Note:
This topic has been translated from a Chinese forum by GPT and might contain errors.
Original topic: tidb集群只有三台tikv,现在一台tikv机器处于不可控状态,重启这台机器有什么影响嘛
[TiDB Usage Environment] Production
[TiDB Version] v4.0.9
[Encountered Problem] The TiDB cluster has only three TiKV nodes, and one of the TiKV machines is currently uncontrollable.
[Reproduction Path] Tried to stop the TiKV service on the uncontrollable machine through the control machine, but found it couldn’t be controlled or stopped.
[Problem Phenomenon and Impact]
Not sure what impact a direct hard reboot would have.
If one of the TiKV nodes is uncontrollable, it is recommended to first add a new node and then decommission the uncontrollable one.
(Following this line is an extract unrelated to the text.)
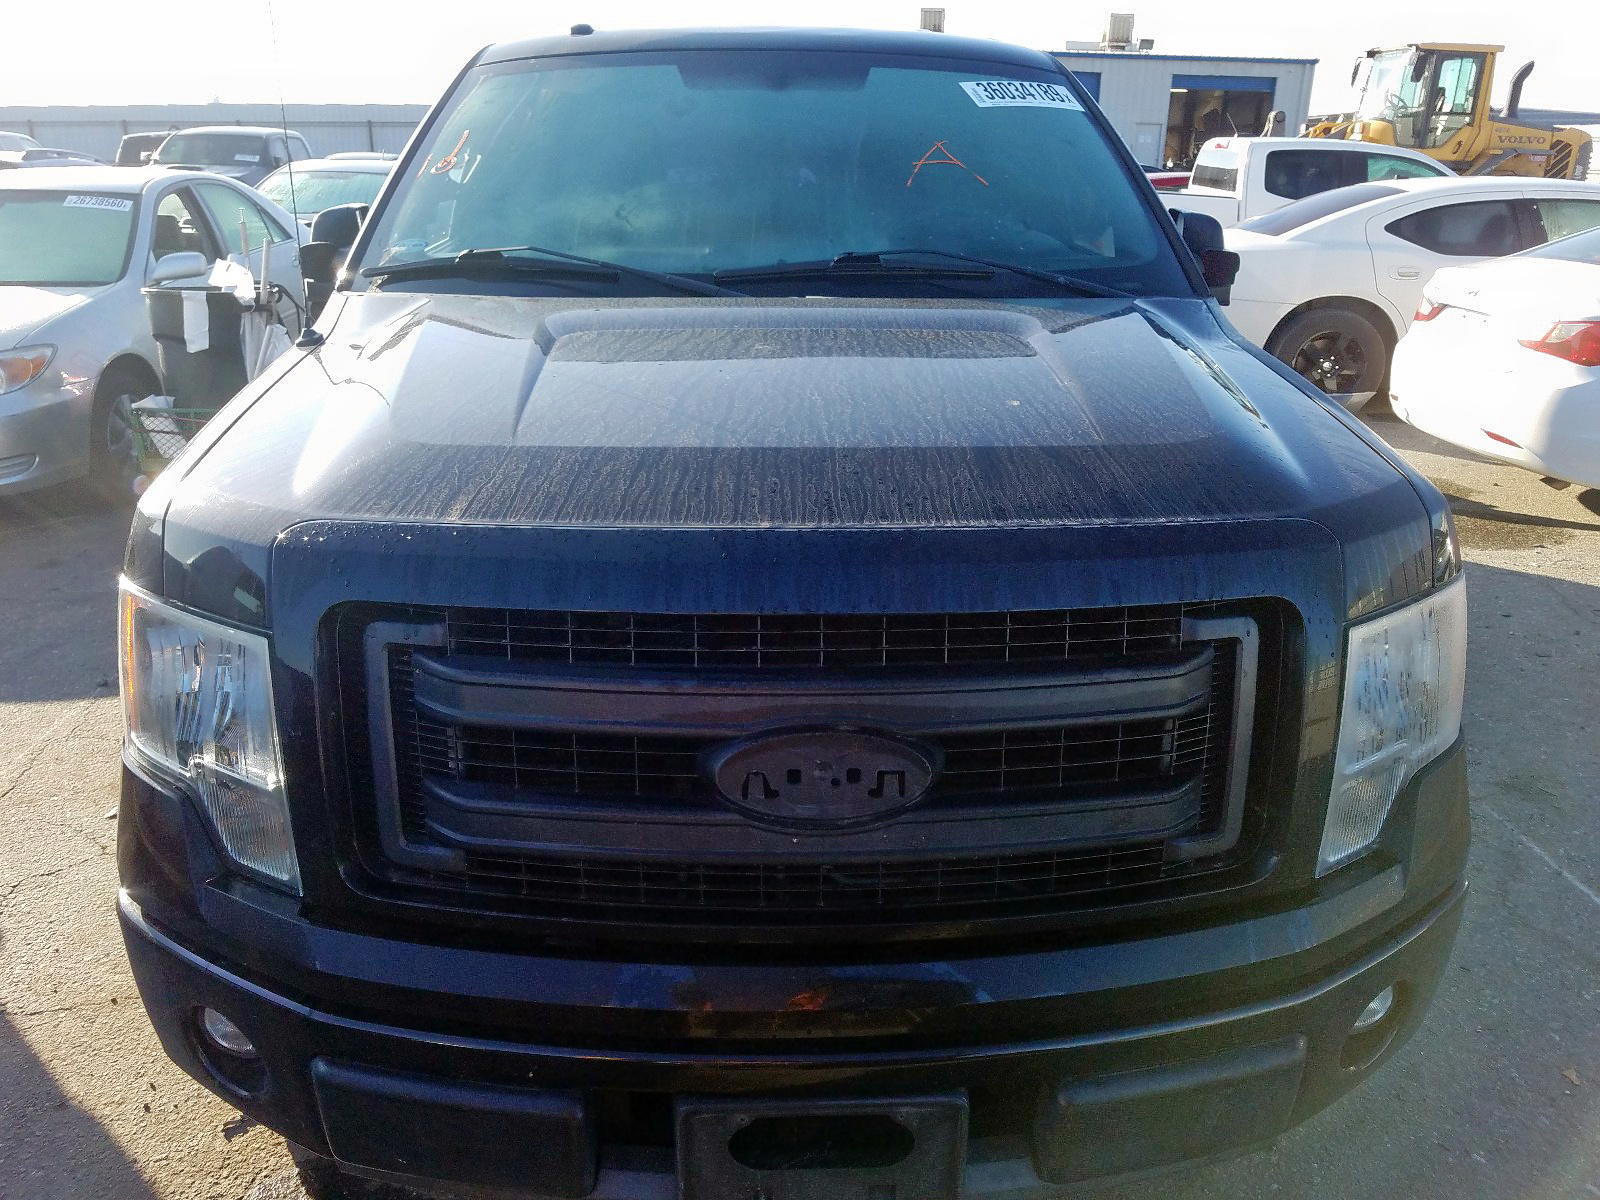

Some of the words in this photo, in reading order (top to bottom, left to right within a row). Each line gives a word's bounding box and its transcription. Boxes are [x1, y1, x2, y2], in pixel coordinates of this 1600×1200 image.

[976, 81, 1065, 103] 36034189
[1498, 135, 1545, 145] VOLVO
[905, 140, 989, 187] A
This can maintain service availability. If you directly restart the TiKV node, it won’t meet the condition of having 3 replicas, which will affect the ability to provide read and write services (the service may be unavailable for a short period).
After the restart is complete, if the TiKV node can recover normally, the service will automatically resume.
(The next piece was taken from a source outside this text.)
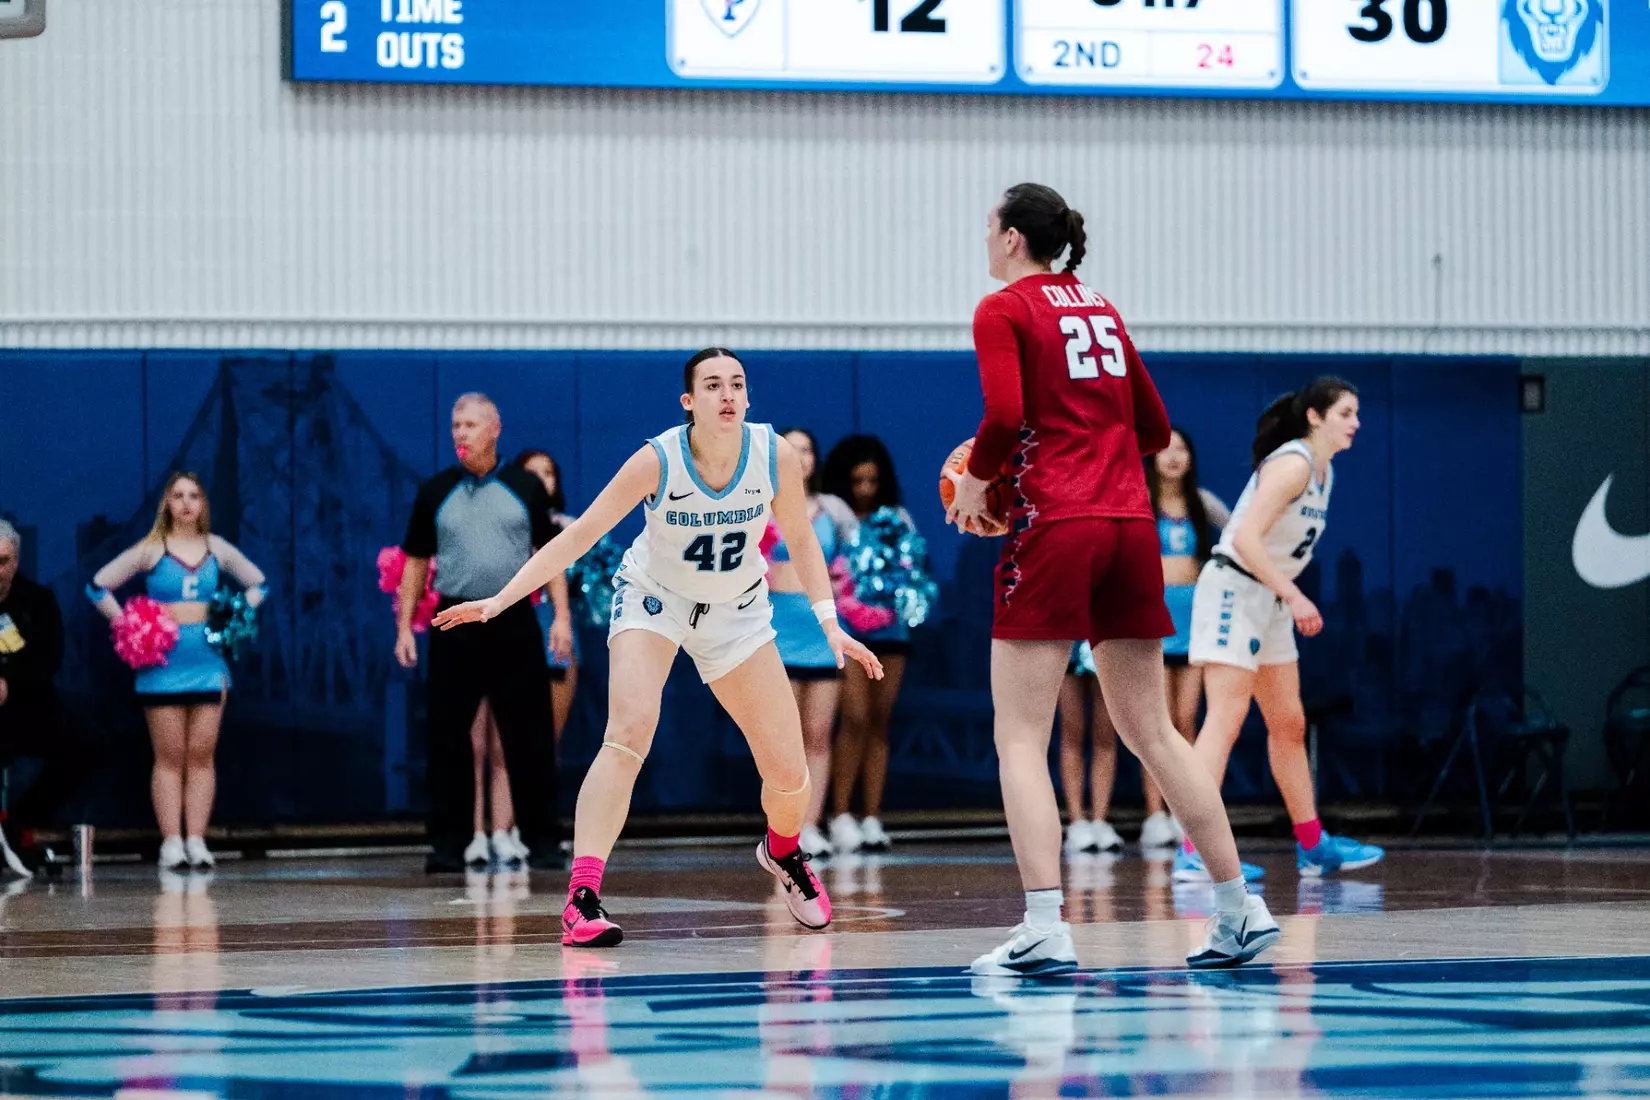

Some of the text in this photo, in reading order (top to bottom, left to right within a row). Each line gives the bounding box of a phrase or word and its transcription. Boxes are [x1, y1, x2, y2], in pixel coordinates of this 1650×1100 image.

Using the command tiup cluster stop <cluster_name> -N *.*.*.*:***
on the control machine is not successful, and that machine cannot be logged into. Other machines also cannot access it remotely. Is there any other way to take it offline? We also have another rather silly issue, which is that no other machines have been added.
Backup methods are great.
Does the restart refer to restarting the cluster or just the uncontrollable TiKV machine?
If it is already uncontrollable and inaccessible, I feel that restarting this TiKV machine won’t have much impact.
After restarting the machine, one of the three TiKV nodes will go down. At this time, the TiKV cluster will be in a read-only state and cannot be written to. Once the restart is complete and the TiKV service starts normally, PD will perform scheduling. After the scheduling is completed, the cluster will return to normal.
Uncontrolled machines will enter an abnormal state in the PD instance if no heartbeat is detected, and no scheduling will be done for those uncontrolled machines.
The key is still to add a node.
Although I can’t control my machine, PD can detect it normally. It’s very strange. We just can’t log in.
This topic was automatically closed 60 days after the last reply. New replies are no longer allowed.